Whether you're looking for the hustle of modern life or a tranquil retreat, Istanbul offers something for everyone. I visited Istanbul intending to relax and allow myself to be carried forward by its friendly people. For the entirety of my trip, I tried to reduce my internet usage—and was delighted at how much I enjoyed this majestic city without the net.
Image Credit: The Public Hotel
The Public Hotel, Istanbul was a perfect choice and was recommended by Unison Turkey. The tastefully decorated and quirky hotel is perfectly positioned, with easy access to everything a first-time visitor to Istanbul could imagine— being close to both Taksim Square and Istiklal Street. The Public Hotel was a captivating hideaway and for those who want to live in the city but enjoy a private feel. The hotel was designed to reflect the local culture and traditional Turkish artisanship with stylish, contemporary rooms and thoughtful amenities. Imagine stepping out of your private bathtub and into bed in less than two steps.
As a gay traveler with the country’s historic news in my mind, I was impressed to notice same-sex couples exploring the city. Istanbul Gay Tours, a local tour company that will design and make well-worthy plans, is highly recommended. I spent two days exploring the streets surrounding the hotel and there was no lack of restaurants, bars, and shops in the area. I even went to see a movie at one of the local theatres. Istanbul will keep you busy with the inviting nightlife, al fresco coffee shops, and late-night shopping.
Taksim Square (Beyoğlu district) is the heartbeat of Istanbul and it is one of the most important squares in the city. The square is surrounded by many historical buildings and cultural landmarks, so you will be able to see many different aspects of Turkish culture when visiting.
Istaklal Avenue, also known as Istiklal Street (Independence Avenue), is a major thoroughfare in Istanbul. It is about 1 km long and starts from Taksim Square to the west, ending at the picturesque Galata Bridge to the east. I would assume no one could ever be satisfied by just walking the path once.
Today, this street has a personality that keeps on changing depending on the time of the day, with live music performances at night-time, which attract locals as well as LGBTQ+ tourists. This popular shopping, dining and entertainment area has been drawing massive crowds from all over the world since it first opened in 1871. It's no wonder it was easy to spend two days exploring.
The fact that this city sits at the point where Europe and Asia meet provides the amazing fusion of east and west. Let the local tram system, extensive metro and inexpensive taxis be your tour guides—they'll take you everywhere around Istanbul between old and new. There are many places in the world where one can engage in acts of debauchery, and I was pleased to see Istanbul not conforming.

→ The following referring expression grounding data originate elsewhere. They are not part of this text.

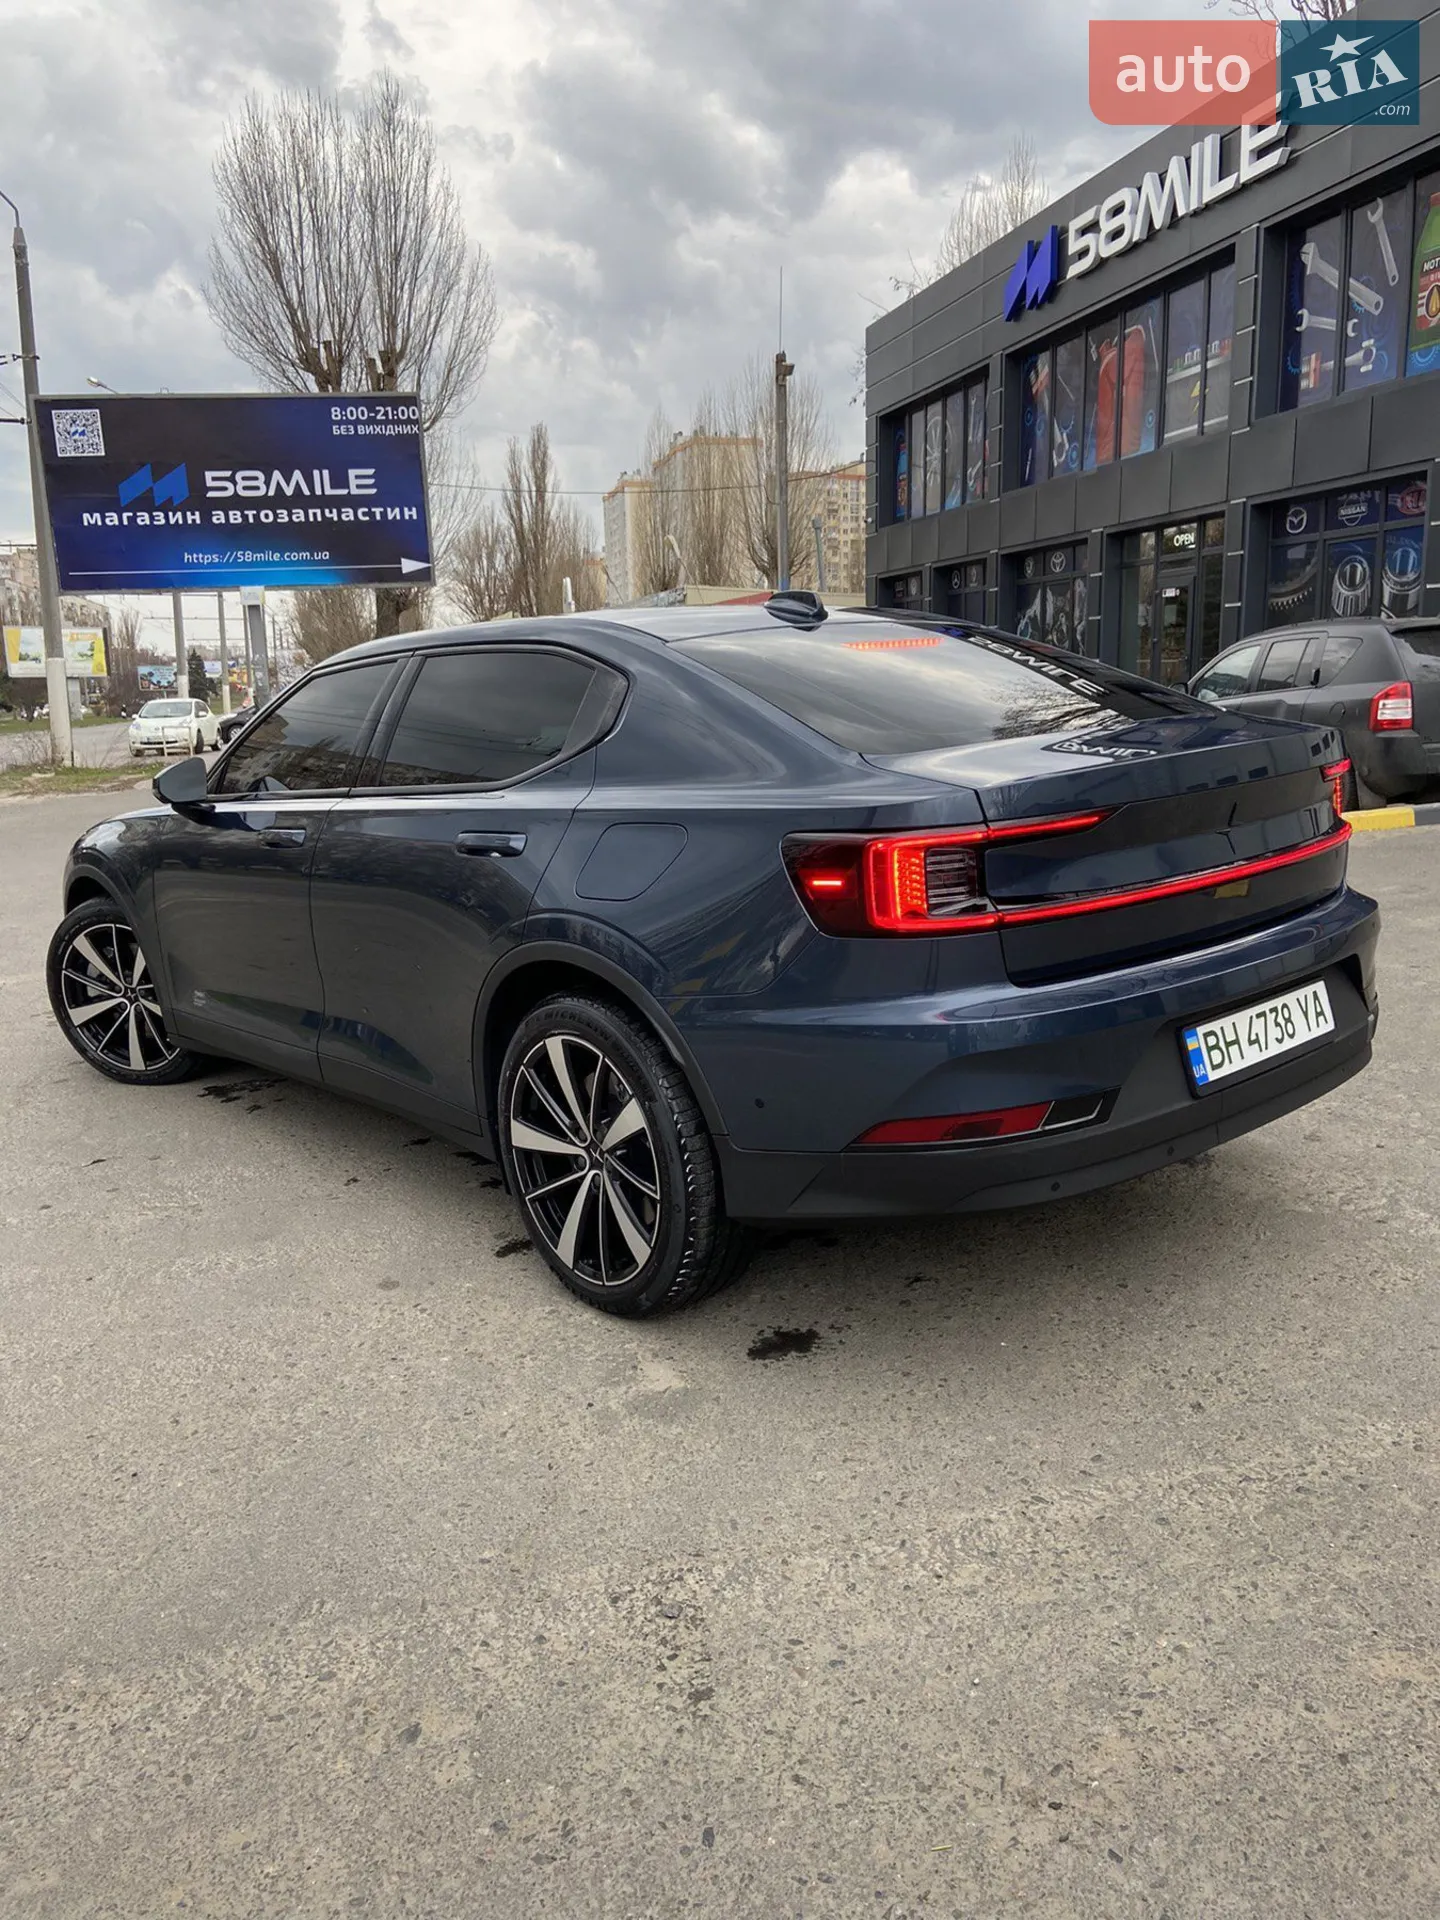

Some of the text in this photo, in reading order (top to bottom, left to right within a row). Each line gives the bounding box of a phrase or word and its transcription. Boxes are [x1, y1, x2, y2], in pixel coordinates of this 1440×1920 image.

[1066, 89, 1293, 280] 58MILE
[330, 405, 420, 421] 8:00-21:00
[332, 423, 420, 437] БЕЗ ВИХІДНИХ
[204, 468, 378, 498] 58MILE
[82, 506, 418, 527] магазин автозапчастин
[1173, 531, 1196, 548] OPEN
[183, 549, 331, 566] https://58mile.com.ua
[1202, 990, 1329, 1071] BH 4738 YA
[1192, 1064, 1207, 1078] UA
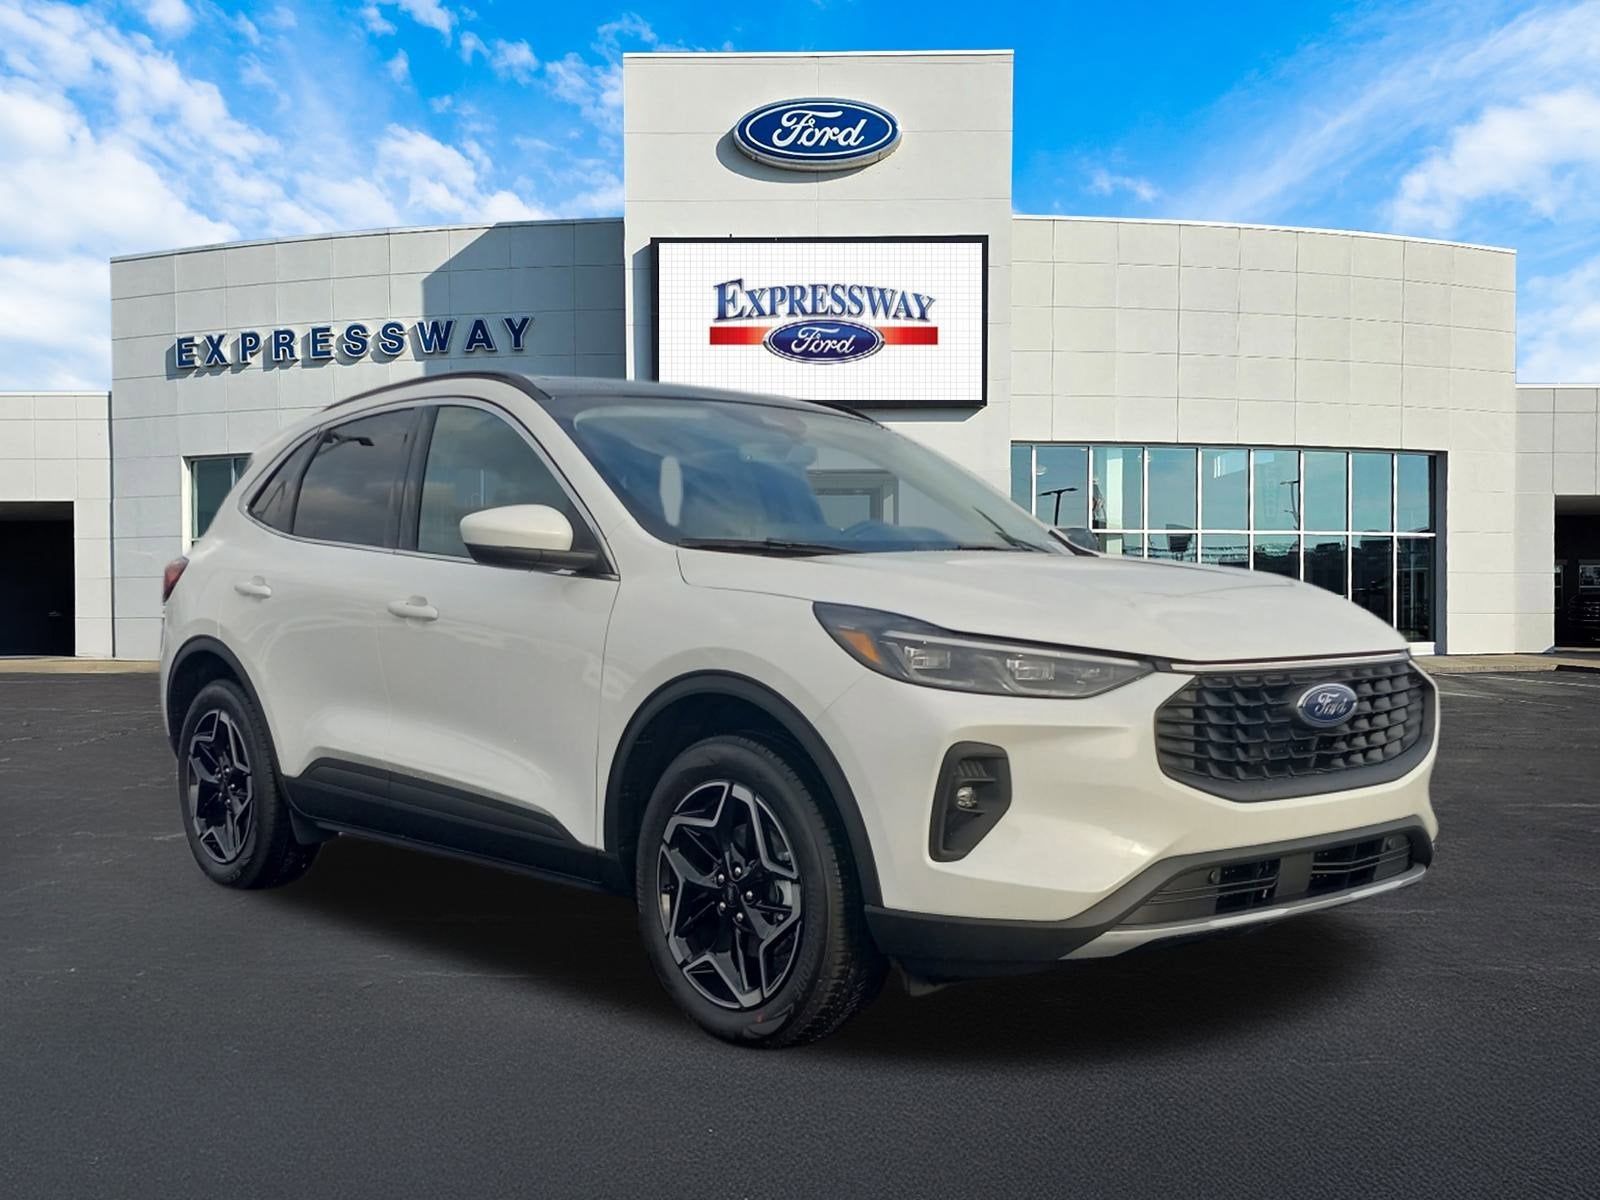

Instead, one can expect a moving cultural experience if you travel to this fascinating city. The Grand Bazaar, flanked by sultans' palaces on one side and Ottoman mosques with gleaming minarets on the other, is the world's oldest shopping mall.
For centuries, Turkish baths were a vital part of everyday life. They are a ritual and well-visited place to relax and socialize while bathing. If you’re seeking a unique, relaxing experience in Turkey, head to the legendary Kilic Ali Pasa Hamam. This 18th-century bathhouse was built with geometric tiles and arches, decorated with stunning Islamic calligraphy, and boasts the largest columns in any building on the Bosphorus Strait. It has been fully restored to its former glory and is open daily for visitors.
While Istanbul may not display rainbow flags or any visual signage of being LGBTQ+ welcoming, with the many locals who wanted to interact, I found it to be a safe and inviting city in which I felt comfortable.